부산대학교 도서관

In recent decades, the use of the optical fiber has revolutionised several technological sectors, starting of course from communications. In addition to this field, however, its use has now become typical in even very different areas, from structural monitoring to medicine. This growth has largely been caused by the possibility of also using this technology for sensor applications. This aspect, together with its physical characteristics, has also led optical fiber to be appreciated in the aerospace sector. In particular, among the advantages there are the high sensitivity of optical sensors, the electrical passivity, the small cables' size and immunity to electromagnetic interference. Among the various optical fiber-based sensors, those used in the present work are the Fiber Bragg Gratings (FBG). They are realised by laser photoengraving directly into the fiber itself and they work like a filter. In fact, each FBG is able to reflect a specific wavelength, known as Bragg wavelength, which is proportional to the geometry of the sensor itself. In this way, it becomes possible to measure physical parameters acting on it, such as temperature, strain, etc.

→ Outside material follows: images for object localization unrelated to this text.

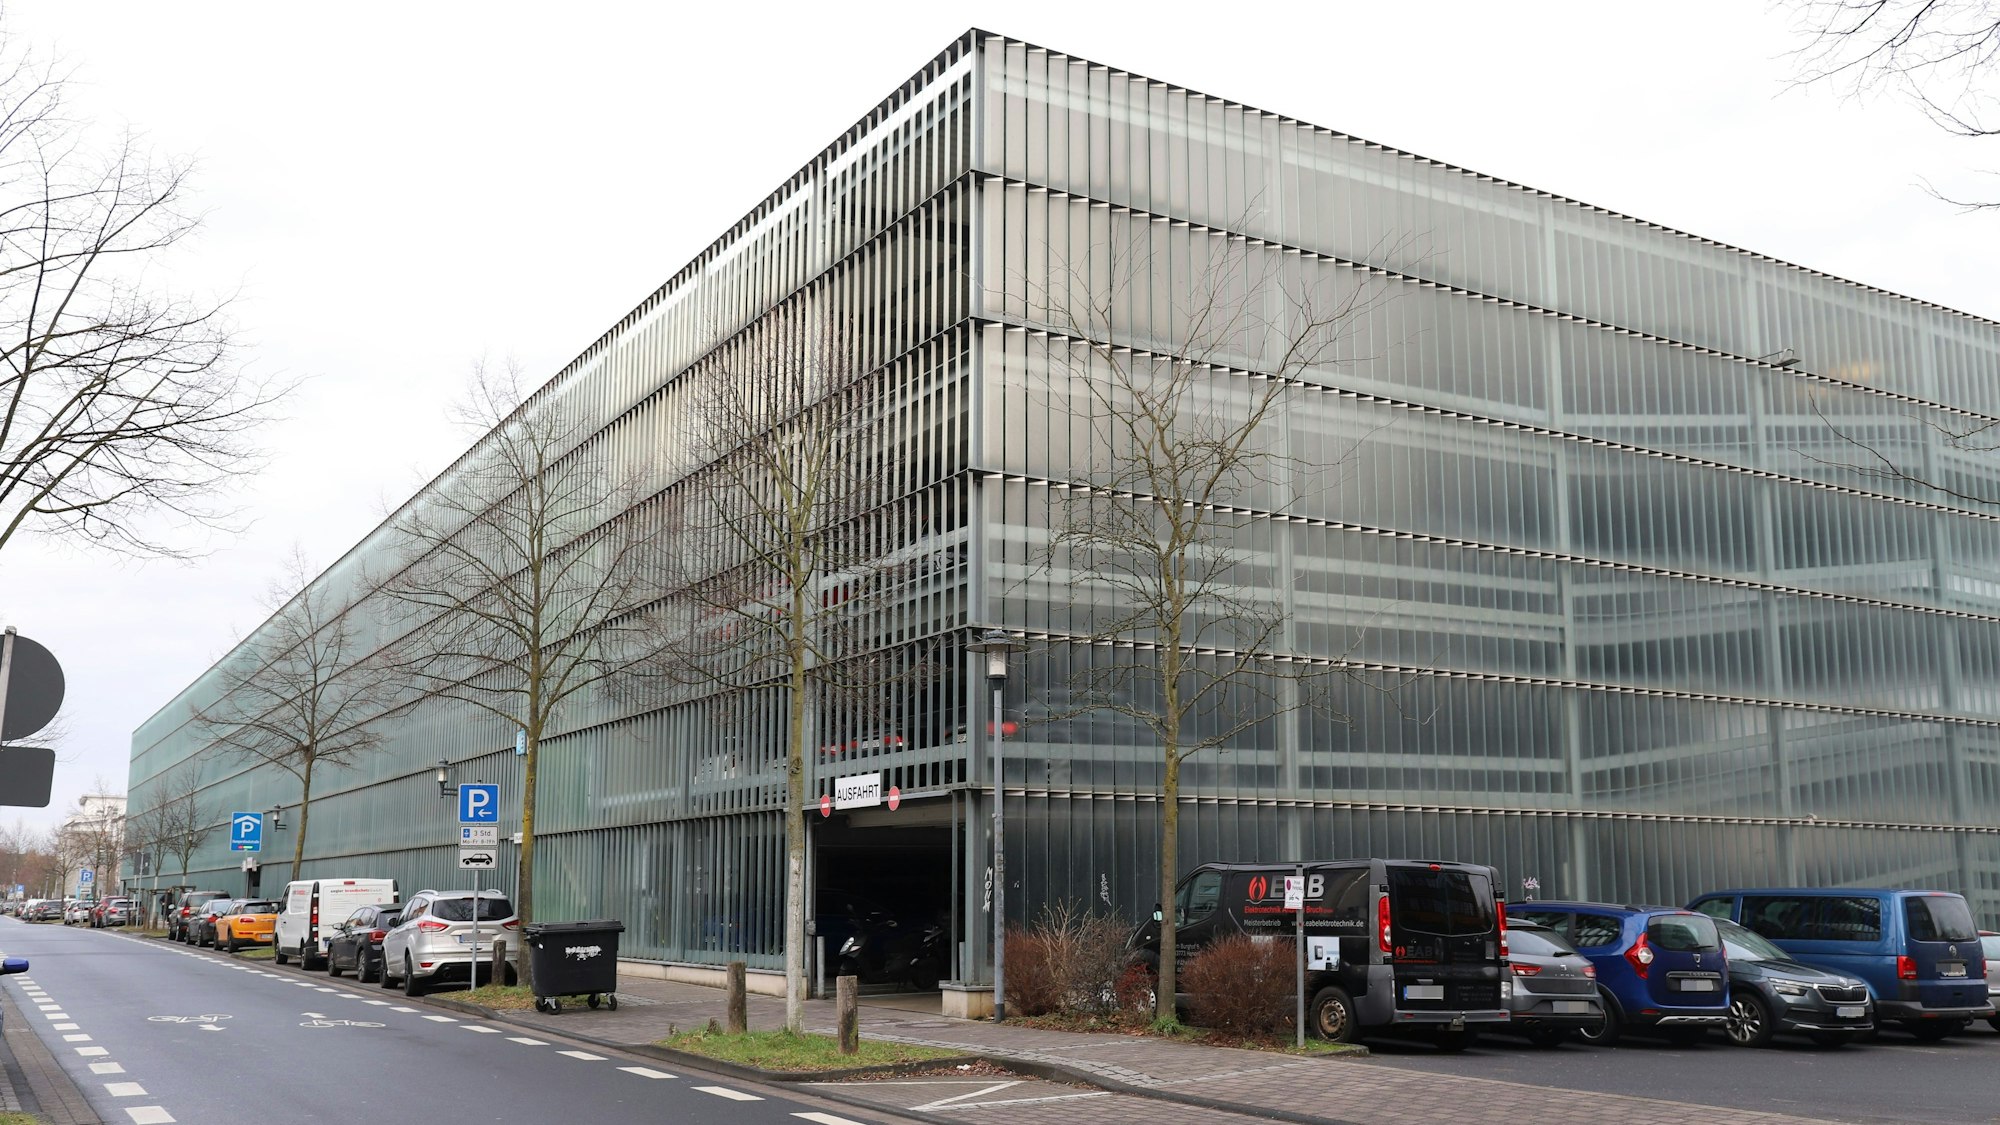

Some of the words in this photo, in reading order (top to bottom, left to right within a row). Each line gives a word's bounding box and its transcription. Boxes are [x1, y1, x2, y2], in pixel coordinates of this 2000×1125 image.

[837, 784, 879, 802] AUSFAHRT
[468, 789, 490, 818] P
[241, 821, 254, 838] P
[1270, 873, 1325, 898] EB
[1244, 905, 1281, 914] Elektrotechnik
[1306, 905, 1324, 914] Bruch
[1243, 919, 1281, 927] Meisterbetrieb
[1291, 919, 1364, 928] w.eabelektrotechnik.de
[1406, 946, 1433, 956] EAB

The FBG function mechanism, however, generates only one optical output: in order to be able to distinguish the various contributions, a detailed knowledge of the proportionality between the reflected wavelength and the physical parameter considered is essential. The test campaign described in this work quantifies in detail the sensitivity of the FBG to temperature variation. More specifically, the sensor's thermal response is analysed as a function of the preload condition applied to the fiber. The results showed a variation of proportionality over the various measurement cycles. This leads to a twofold conclusion: on the one hand the need to carry out a specific calibration of the FBG in the case of pre-load; and on the other hand the possibility of exploiting this variation to decouple the thermal and mechanical contributions actina on the sensor.